Source data:
+-------+
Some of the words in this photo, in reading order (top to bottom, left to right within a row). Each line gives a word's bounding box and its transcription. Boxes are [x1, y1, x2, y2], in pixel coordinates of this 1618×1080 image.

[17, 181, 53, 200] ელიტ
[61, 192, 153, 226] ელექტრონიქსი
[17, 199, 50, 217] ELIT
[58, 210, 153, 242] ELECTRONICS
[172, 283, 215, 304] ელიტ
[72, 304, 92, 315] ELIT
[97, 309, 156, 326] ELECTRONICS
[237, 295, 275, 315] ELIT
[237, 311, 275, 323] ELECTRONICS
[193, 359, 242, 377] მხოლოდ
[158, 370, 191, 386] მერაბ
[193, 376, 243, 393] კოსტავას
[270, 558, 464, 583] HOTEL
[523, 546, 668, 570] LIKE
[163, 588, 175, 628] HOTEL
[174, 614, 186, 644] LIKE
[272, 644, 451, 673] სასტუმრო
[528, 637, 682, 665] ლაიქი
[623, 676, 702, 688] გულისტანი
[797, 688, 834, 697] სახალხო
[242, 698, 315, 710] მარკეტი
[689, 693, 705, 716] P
+-------+
The problem: Your task is to repeat the data exactly, with nothing left out.

Output below:
Some of the words in this photo, in reading order (top to bottom, left to right within a row). Each line gives a word's bounding box and its transcription. Boxes are [x1, y1, x2, y2], in pixel coordinates of this 1618×1080 image.

[17, 181, 53, 200] ელიტ
[61, 192, 153, 226] ელექტრონიქსი
[17, 199, 50, 217] ELIT
[58, 210, 153, 242] ELECTRONICS
[172, 283, 215, 304] ელიტ
[72, 304, 92, 315] ELIT
[97, 309, 156, 326] ELECTRONICS
[237, 295, 275, 315] ELIT
[237, 311, 275, 323] ELECTRONICS
[193, 359, 242, 377] მხოლოდ
[158, 370, 191, 386] მერაბ
[193, 376, 243, 393] კოსტავას
[270, 558, 464, 583] HOTEL
[523, 546, 668, 570] LIKE
[163, 588, 175, 628] HOTEL
[174, 614, 186, 644] LIKE
[272, 644, 451, 673] სასტუმრო
[528, 637, 682, 665] ლაიქი
[623, 676, 702, 688] გულისტანი
[797, 688, 834, 697] სახალხო
[242, 698, 315, 710] მარკეტი
[689, 693, 705, 716] P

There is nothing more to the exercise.